Otros avances en la tecnología de las vacunas
Las vacunas de subunidades, que contienen componentes proteicos o glicoproteicos purificados de un patógeno
que se han identificado que portan epítopos críticos implicados en la inducción de una respuesta inmune
protectora (6) presentan distintas ventajas en cuanto a la inocuidad y los avances recientes en su producción
empleando la tecnología del ADN recombinante pueden facilitar su utilización más amplia (36). También se han
diseñado vacunas peptídicas sintéticas (87), sin embargo hasta el momento no han demostrado ser muy
efectivas en la inducción de protección frente a enfermedades infecciosas. Pueden existir muchas razones por
las que los péptidos sintéticos no puedan inducir inmunidad protectora. Por ejemplo, incluso los llamados
péptidos lineales muestran un grado de flexibilidad conformacional de modo que adoptan una estructura diferente
de aquella de la molécula parental y, por tanto, inducen anticuerpos de avidez baja frente al patógeno en
cuestión. Una desventaja potencial del uso de péptidos que representan sitios antigénicos únicos para estimular
una respuesta de anticuerpos protectora, es la posibilidad de seleccionar mutaciones antigénicas en el patógeno.

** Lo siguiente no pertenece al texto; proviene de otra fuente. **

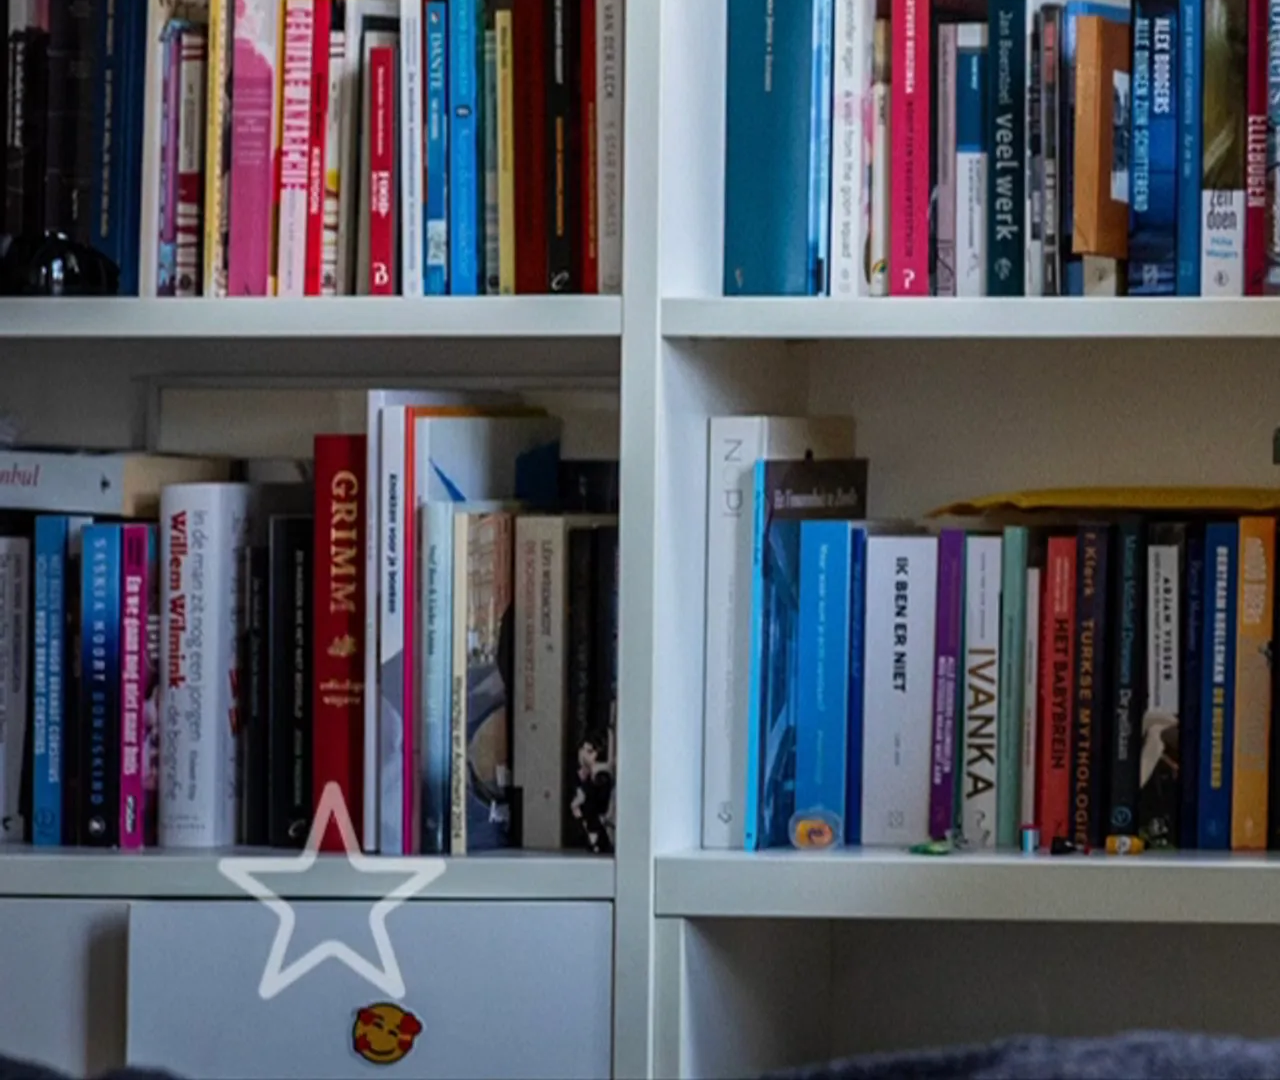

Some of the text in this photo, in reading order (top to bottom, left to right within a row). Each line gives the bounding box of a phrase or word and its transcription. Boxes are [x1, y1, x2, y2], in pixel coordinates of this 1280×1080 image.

[429, 32, 443, 90] DANTE
[1154, 18, 1171, 113] ALEX BOOGERS
[996, 113, 1018, 169] veel
[996, 176, 1018, 240] werk
[168, 511, 186, 689] Willem Wilmink
[328, 470, 359, 615] GRIMM
[892, 557, 908, 693] IK BEN ER NIET
[966, 648, 996, 800] IVANKA
[1051, 618, 1068, 769] HET BABYBREIN
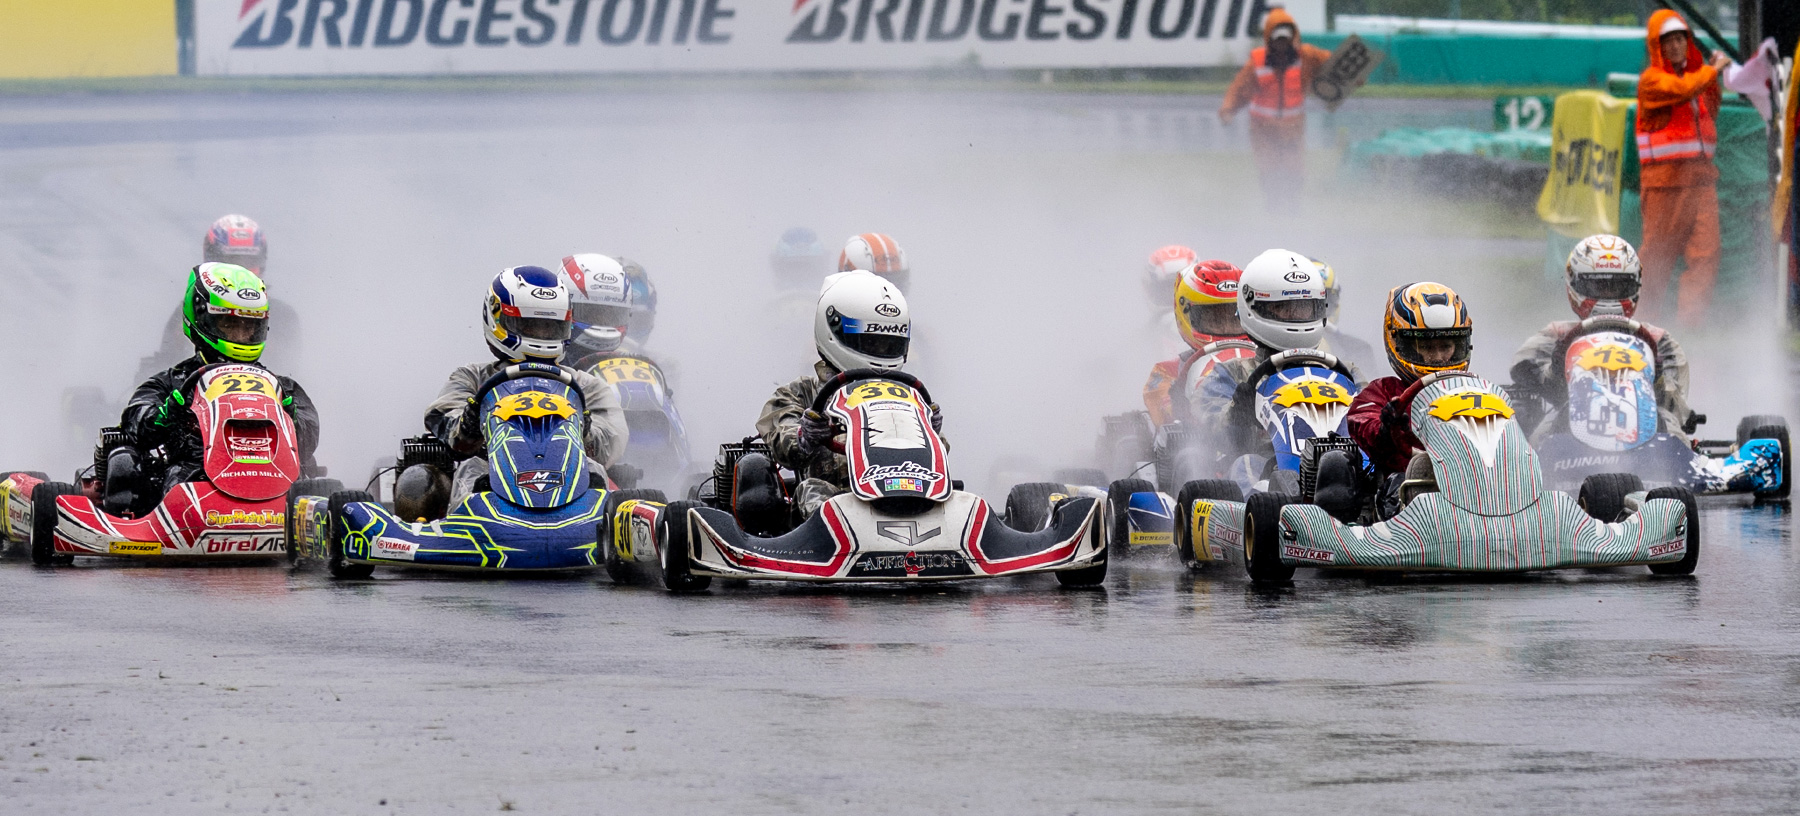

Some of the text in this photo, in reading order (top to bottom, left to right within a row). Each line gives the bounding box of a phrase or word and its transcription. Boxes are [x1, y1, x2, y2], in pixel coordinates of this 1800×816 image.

Se han desarrollado varias estrategias para inducir respuestas de los linfocitos T citotóxicos (CTL) empleando
péptidos, tal como acoplar epítopos CTL a toxinas que son capaces de invadir células eucarióticas o construir
partículas tipo virus que porten epitopos CTL foráneos (137, 140). Sin embargo, la utilidad de este enfoque en
poblaciones híbridas se encuentra limitada por el polimorfismo de las moléculas del complejo principal de
histocompatibilidad. A partir de partículas producidas procedentes del gen TYA del retrotransposón Ty de
levaduras se han preparado otras vacunas con partículas tipo virus que implican proteínas de autoensamblaje
que se pueden utilizar para transportar antígenos foráneos (47). Una vacuna compuesta por partículas tipo virus
vacías producidas mediante la expresión de las cuatro proteínas estructurales principales del virus de la lengua
azul en baculovirus, ha demostrado que protege contra el desafío con el virus de la lengua azul (131).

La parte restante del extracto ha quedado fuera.